Não resisti a pedir - por especial favor, uma vez que eram companhia de outra iguaria - que viessem também umas migas de espargos.

Se eu mandasse, qualquer prato no Alentejo deveria ser acompanhado de migas.

E, se porventura não combinasse...então era aquele que estava mal e não o seu acompanhamento.

Da perdiz nada restou e das migas idem. Ambas as iguarias deliciosas.

As batatas fritas? Nem uma sobrou para amostra ....

Sobremesa: Morgado e Barriga de Freira (uma especialidade que já valeu prémio à casa). Merecido prémio sem dúvida.

Aqui a expressão "atirar-me ao poço" ganha um novo e muito diferente sentido.

Um sentido delicioso!

BROTAS - UMA TERRA AO CONTRÁRIO: DE CABEÇA PARA BAIXO

O Santuário fica na parte mais baixa da vila. Para almoçar subimos uma ladeira e uma escadaria de se lhe tirar o chapéu (ou o fôlego!). 106 degraus...

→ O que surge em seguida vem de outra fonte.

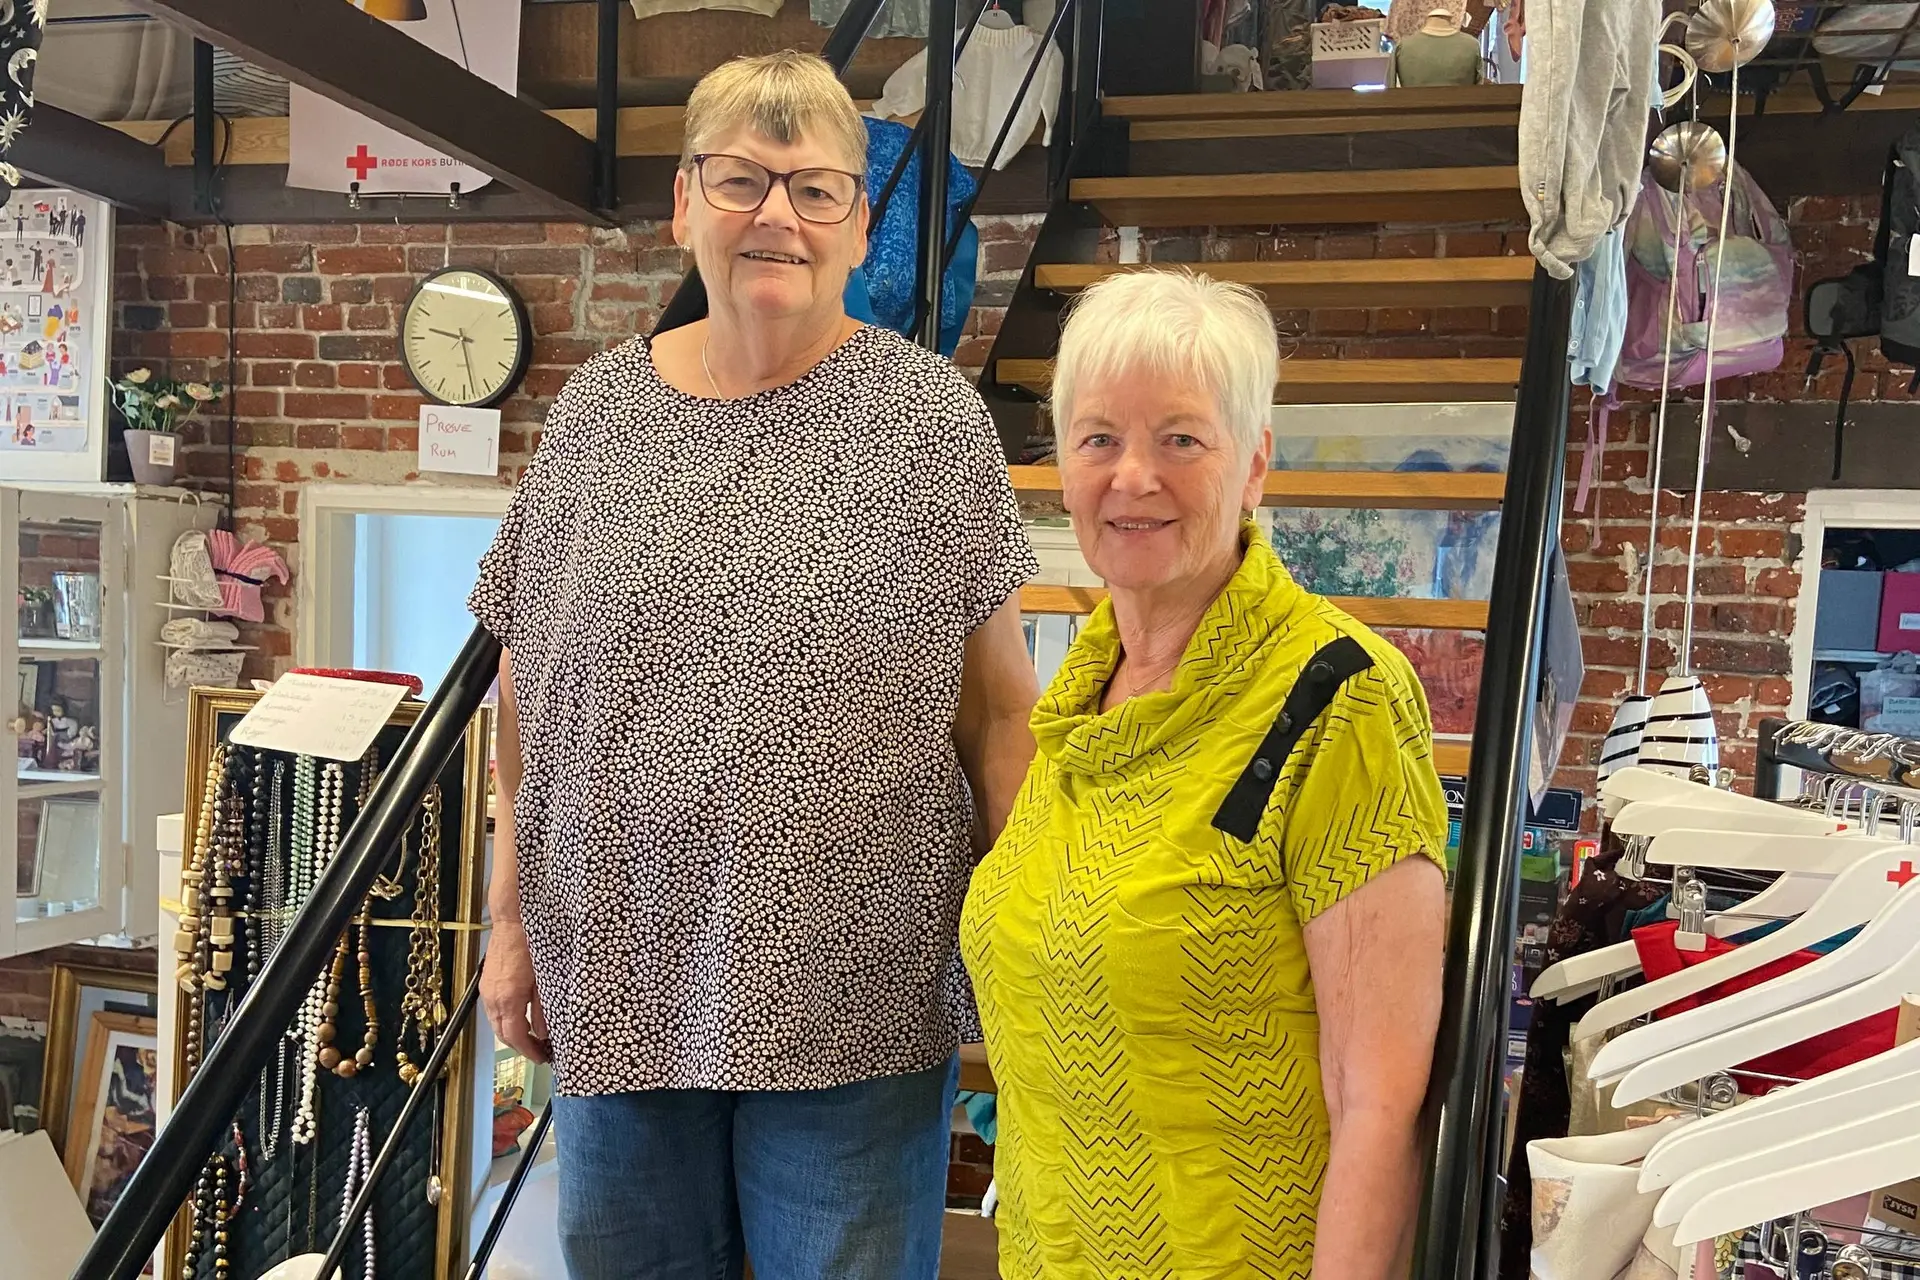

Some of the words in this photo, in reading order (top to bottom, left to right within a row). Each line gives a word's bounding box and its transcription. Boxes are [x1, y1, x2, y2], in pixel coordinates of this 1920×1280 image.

[381, 158, 408, 167] RØDE
[411, 158, 437, 167] KORS
[1889, 1201, 1915, 1216] JYSK
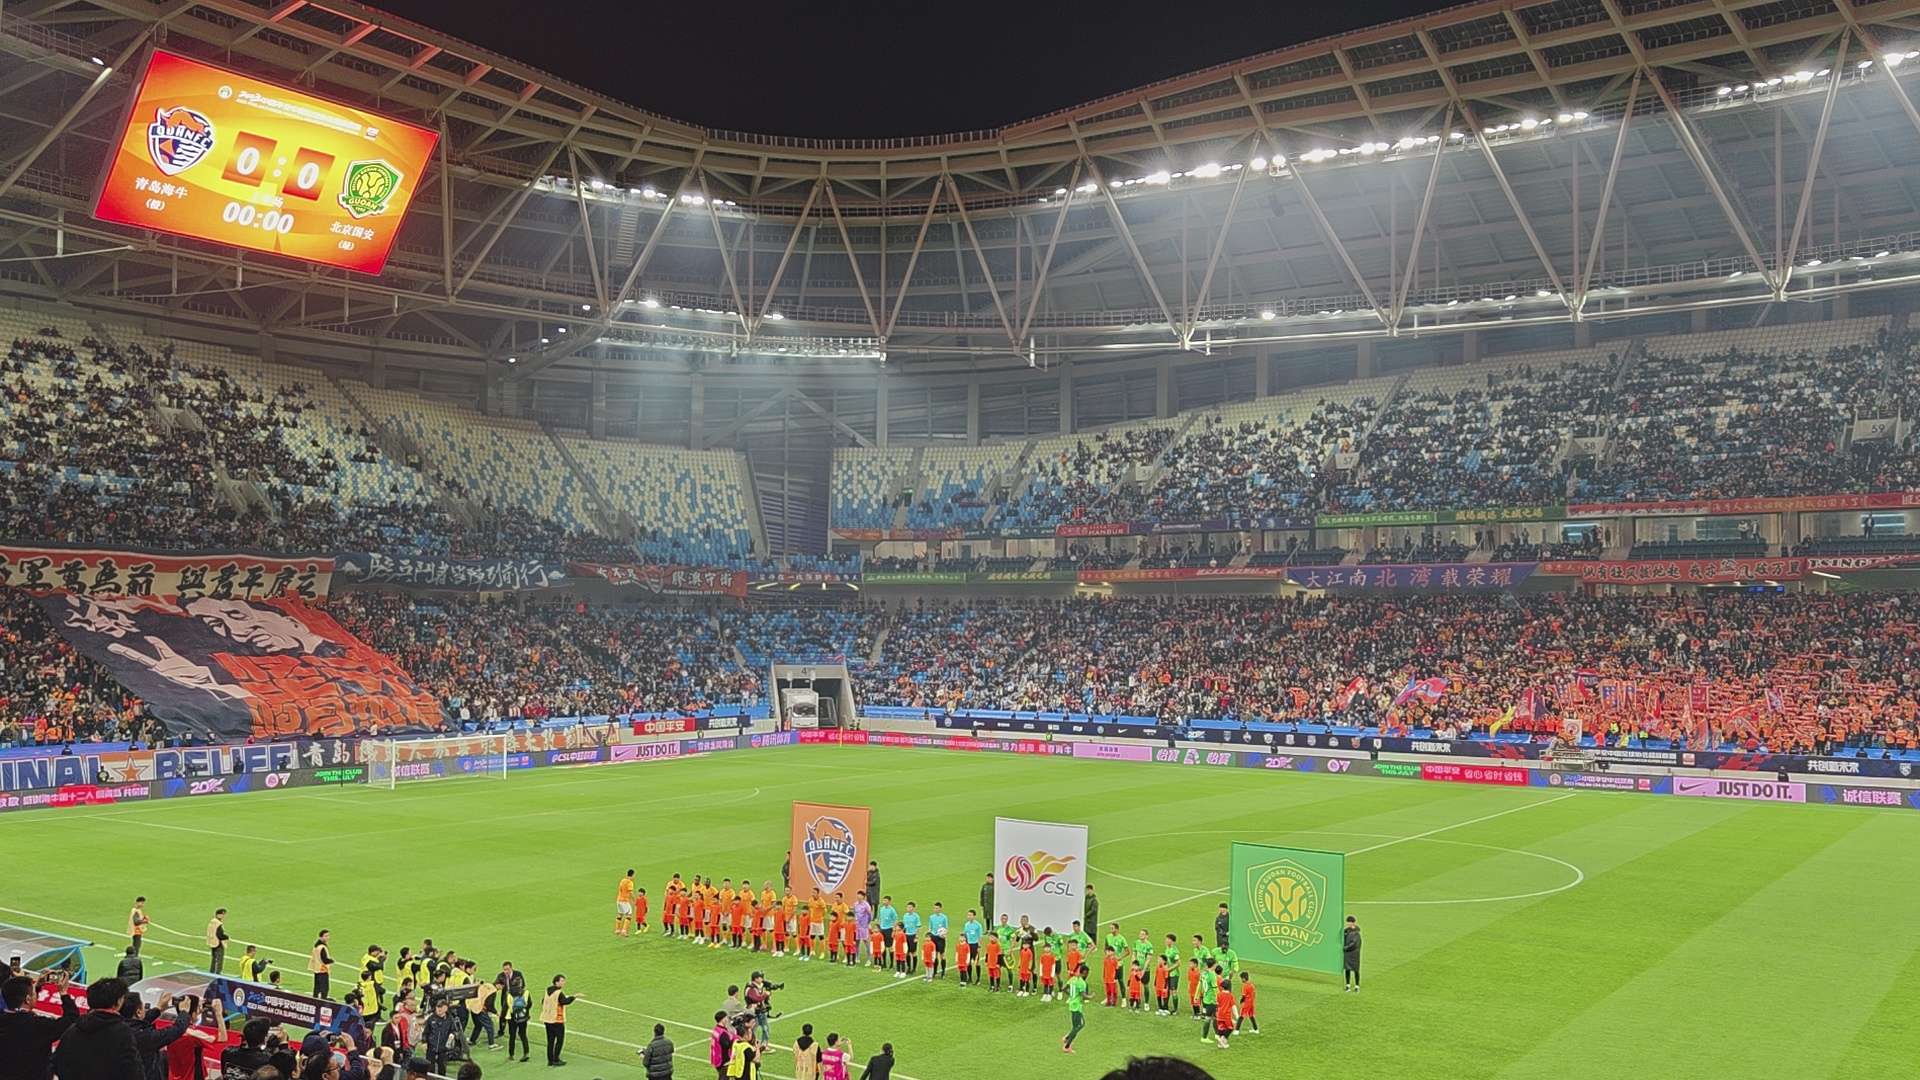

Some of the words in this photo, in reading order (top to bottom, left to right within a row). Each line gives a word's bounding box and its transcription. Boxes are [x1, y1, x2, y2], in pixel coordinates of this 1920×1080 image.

[236, 147, 260, 175] 0
[297, 162, 320, 190] 0
[223, 202, 295, 234] 00:00
[644, 720, 685, 733] 中国平安
[636, 745, 655, 757] JUST
[656, 744, 668, 755] DO
[1717, 782, 1750, 796] JUST
[1752, 784, 1774, 798] DO
[1776, 785, 1793, 799] IT.
[1843, 789, 1902, 805] 诚信联赛
[1043, 880, 1074, 896] CSL
[1262, 925, 1310, 941] GUOAN

E lá bem no cimo, o restaurante chama-se "O Poço". Casa familiar estabelecida em 1991....nascida de uma ideia em noite de insónia. Abençoada noite mal dormida, essa!

Já viram? Temos uma escadaria. Para o Santuário desce-se. Para o poço...sobe-se! No mínimo é diferente do habitual.

Brotas é uma terra muito especial. Com gente muito especial também.

Aqui, o abraço envolve-nos de tal forma que mesmo quem não é alentejano, passa a ser.

O tempo demora o tempo que tem que demorar, as pessoas são genuinas como deveriam ser e as casas alvas como manda a tradição (e o clima).

CONCLUSÃO

Na rua, ouvimos os pássaros que andam de árvore em árvore e o barulho da água corrente das duas fontes: da que fica no Santuário ou da outra, junto à estrada, que foi oferecida pelos Mordomos de Elvas nos idos de 1699 e cuja água Saramago não saboreou...

Respiramos paz. E na hora da abalada, despedidas feitas, começa a nascer a vontade voltar. Por isso será sempre, até já!

Um grande bem haja a quem em Brotas tão bem me acolhe!